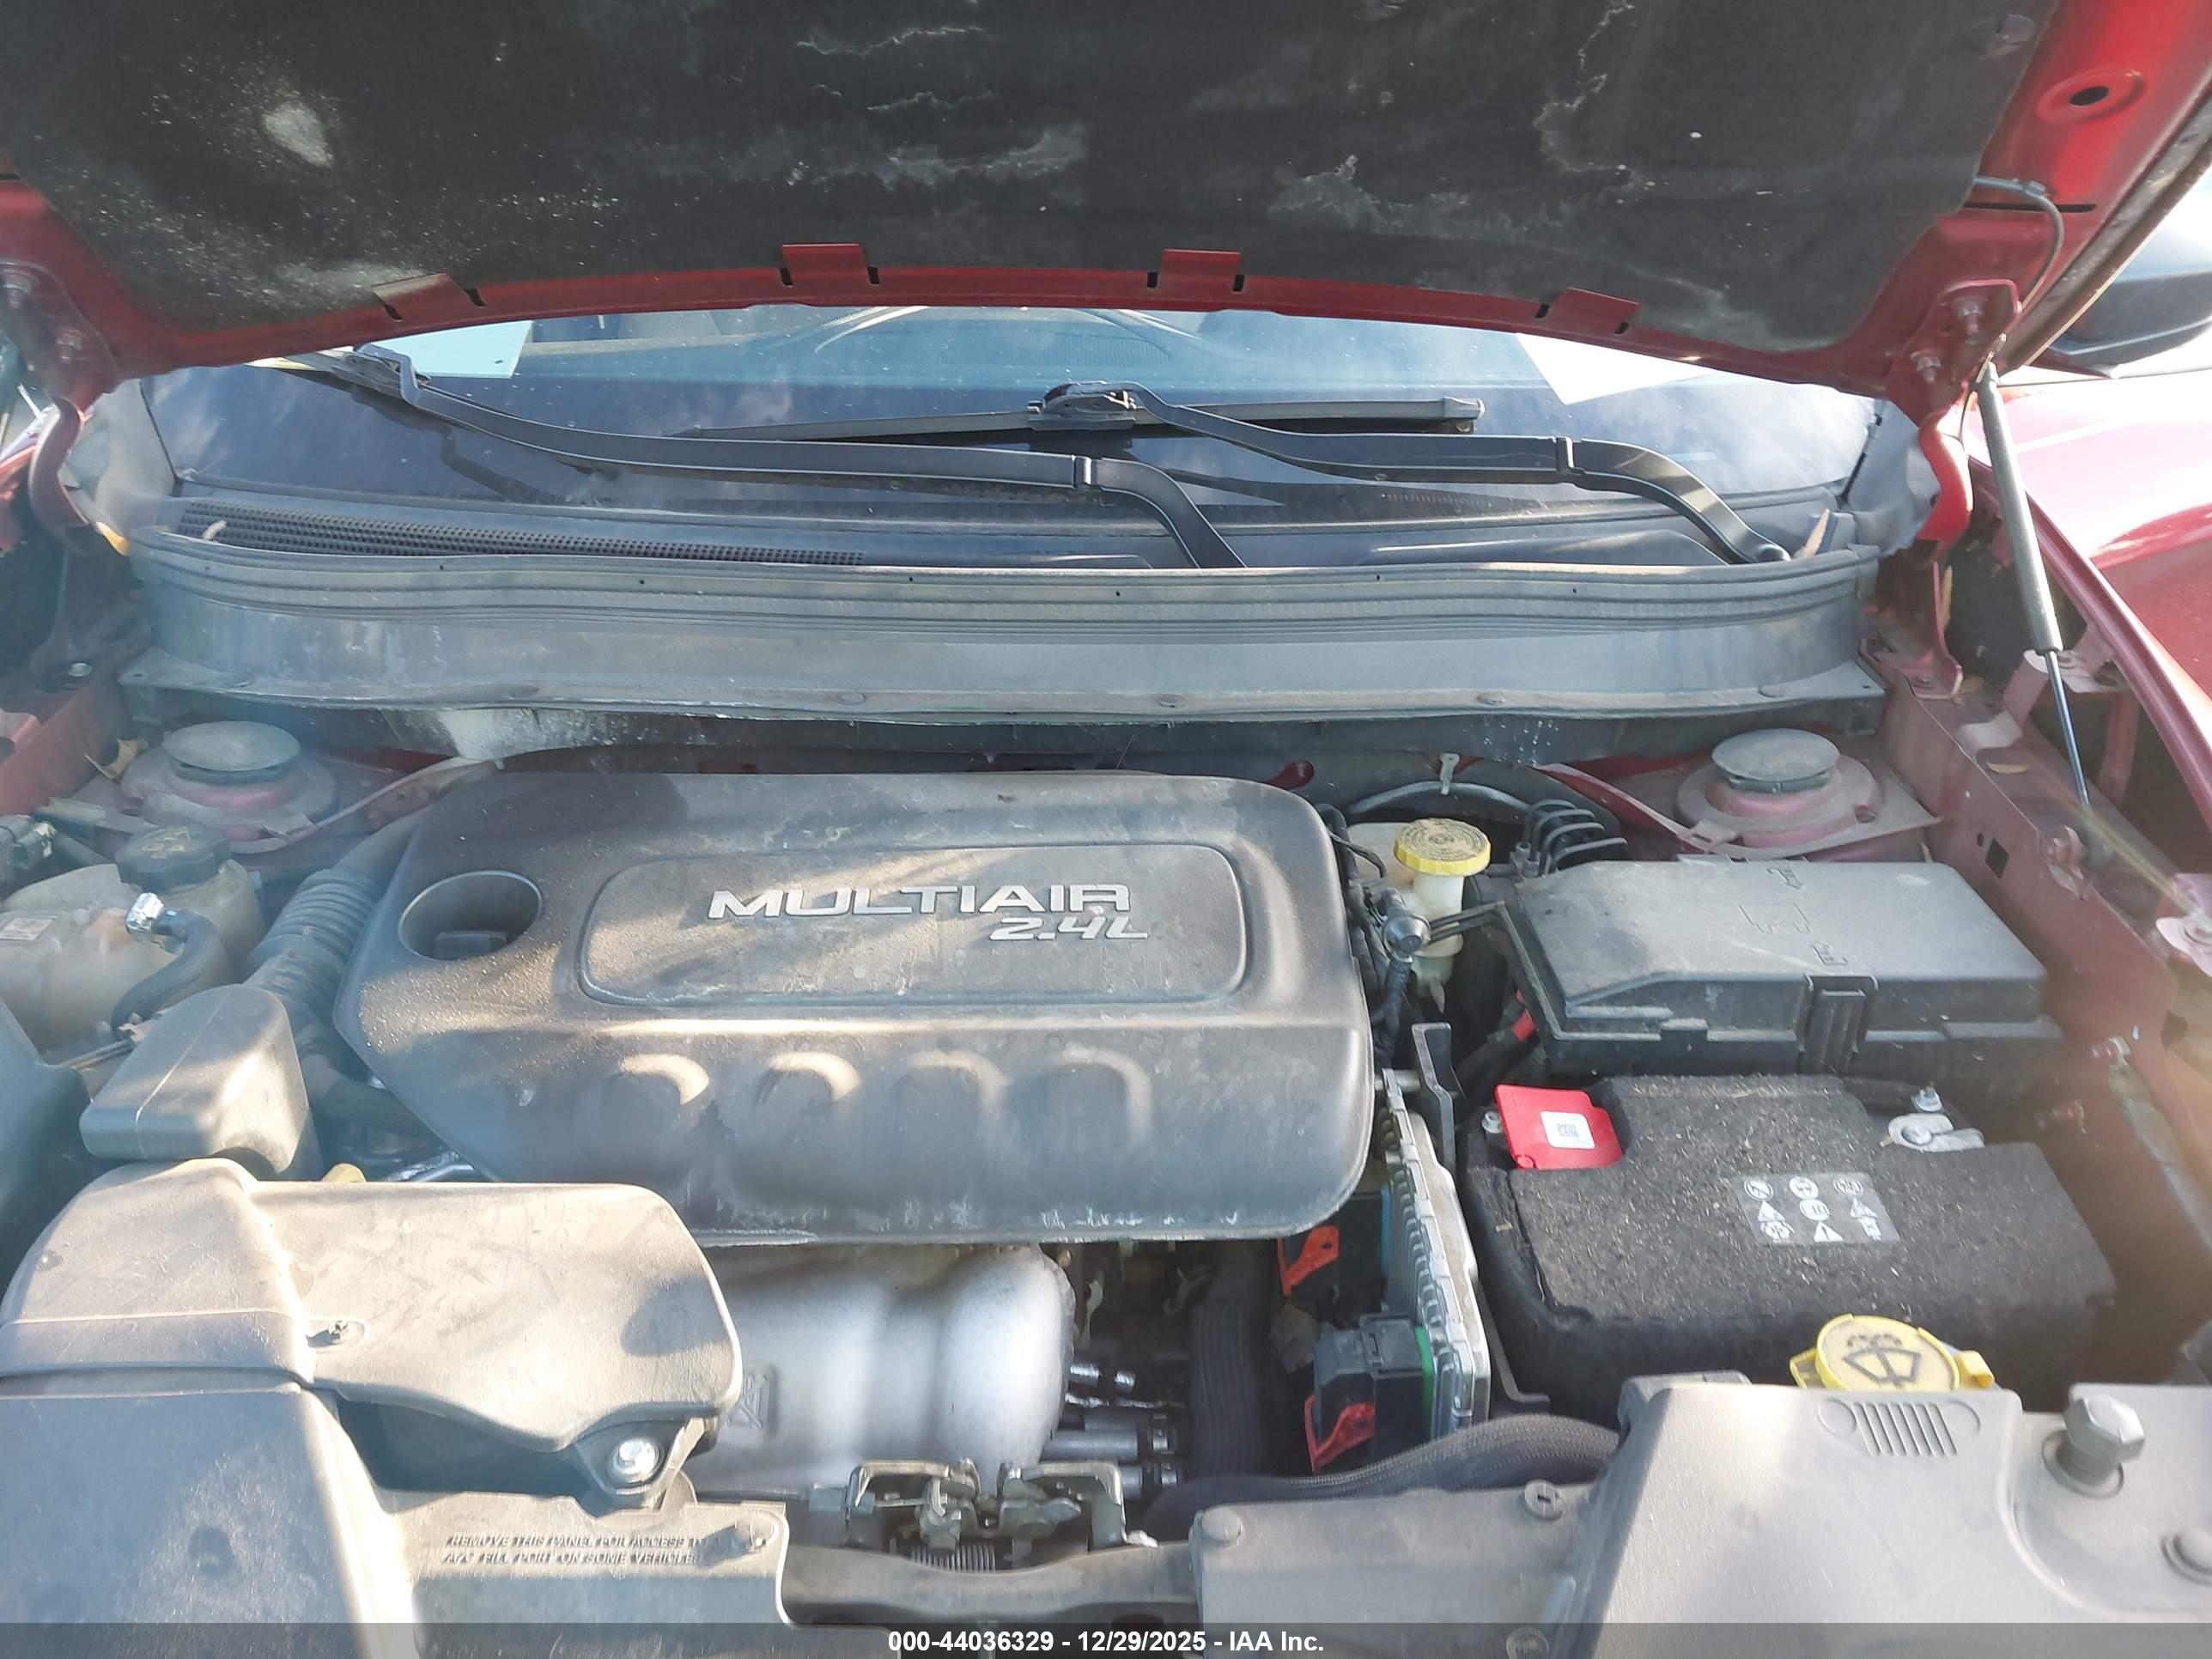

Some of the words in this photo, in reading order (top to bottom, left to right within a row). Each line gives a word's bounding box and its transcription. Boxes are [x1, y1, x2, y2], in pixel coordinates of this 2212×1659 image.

[708, 884, 1130, 919] MULTIAIR
[989, 916, 1148, 941] 2.4L
[445, 1534, 509, 1547] REMOVE
[512, 1534, 544, 1547] THIS
[547, 1534, 592, 1547] PANEL
[594, 1534, 626, 1547] FOR
[629, 1534, 685, 1547] ACCESS
[443, 1551, 475, 1564] A/C
[478, 1551, 509, 1564] FILL
[513, 1551, 552, 1565] PORT
[556, 1551, 584, 1565] ON
[585, 1551, 627, 1565] SOME
▬▬▬▬▬▬▬▬▬▬
Aim of the exercise - Transcribe each entry above character for character, omitting pictures.

Response to the exercise -
Some of the words in this photo, in reading order (top to bottom, left to right within a row). Each line gives a word's bounding box and its transcription. Boxes are [x1, y1, x2, y2], in pixel coordinates of this 2212×1659 image.

[708, 884, 1130, 919] MULTIAIR
[989, 916, 1148, 941] 2.4L
[445, 1534, 509, 1547] REMOVE
[512, 1534, 544, 1547] THIS
[547, 1534, 592, 1547] PANEL
[594, 1534, 626, 1547] FOR
[629, 1534, 685, 1547] ACCESS
[443, 1551, 475, 1564] A/C
[478, 1551, 509, 1564] FILL
[513, 1551, 552, 1565] PORT
[556, 1551, 584, 1565] ON
[585, 1551, 627, 1565] SOME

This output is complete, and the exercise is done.